What Georgian Pirosmani and Spanish Picasso have in common
Niko Pirosmani was a Georgian primitivist painter. The paintings of Niko Pirosmani were not presented at museums but at inns, taverns, shops, etc. Throughout his life, Pirosmani was poor taking ordinary jobs including housepainting and whitewashing buildings. He also worked for shopkeepers in Tbilisi, creating signboards, paintings, and portraits, according to their commissions.
He usually painted on oilcloth. There are many works about merchants, shopkeepers, workmen, and noblemen groups. Pirosmani was fond of nature and rural life. He rarely painted city. He made many animal paintings. He was the only Georgian animalist. Pirosmani also was attracted by historical figures and themes such as Shota Rustaveli, Queen Tamar, Giorgi Saakadze, as well as ordinary Georgian people and their everyday lives.
Pablo Picasso grew up in a poor family. His father, a provincial drawing teacher who was training him, discovered the talent of Picasso at a very young age. After some sessions of art school in Barcelona and Madrid, Picasso spent his adolescence associating with the group of Catalan modernists who gathered at Els Quatre Gats in Barcelona. Later he moved to Paris where his work began to attract serious critical attention and praise by the time he was twenty. The greatest contribution of Pablo Picasso to art is the invention of Cubism that secured his immortality.

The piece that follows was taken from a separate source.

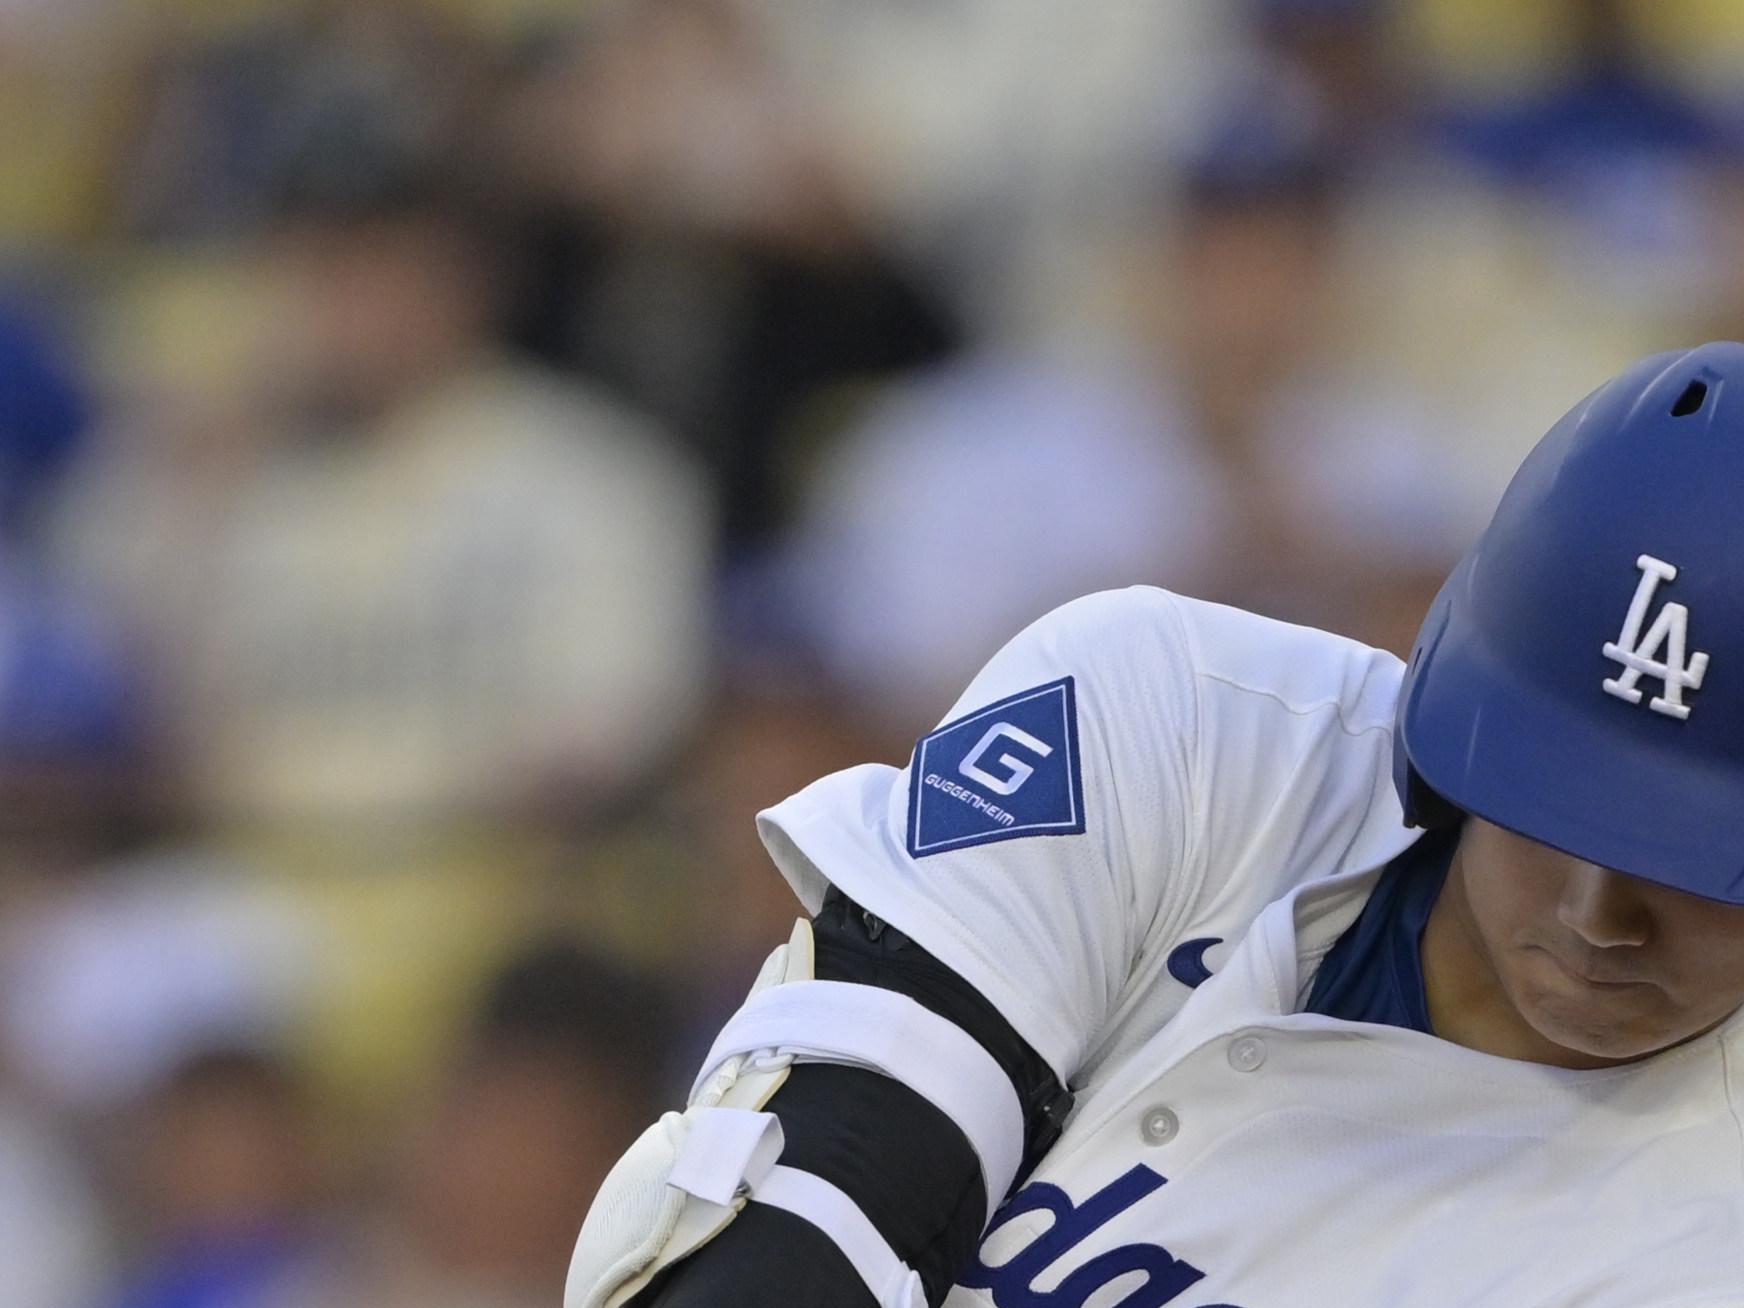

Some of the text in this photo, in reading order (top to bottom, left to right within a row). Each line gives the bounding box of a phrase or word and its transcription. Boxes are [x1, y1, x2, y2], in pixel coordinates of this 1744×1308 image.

Surprisingly enough, Pablo Picasso created a graphic portrait of the Georgian painter Niko Pirosmani in 1972. However, the two never met each other. It was Ilia Zdanevich, a Polish immigrant, who showed a catalog of Pirosmani’s works to Pablo Picasso. Ilia Zdanevich left the Soviet Union in the 1930s because he could not conform to the regime and took a catalog of Pirosmani’s works with him. When Ilia became acquainted with Pablo Picasso, he showed this catalog to him. Picasso was so impressed by the paintings that he decided to create a portrait of Niko.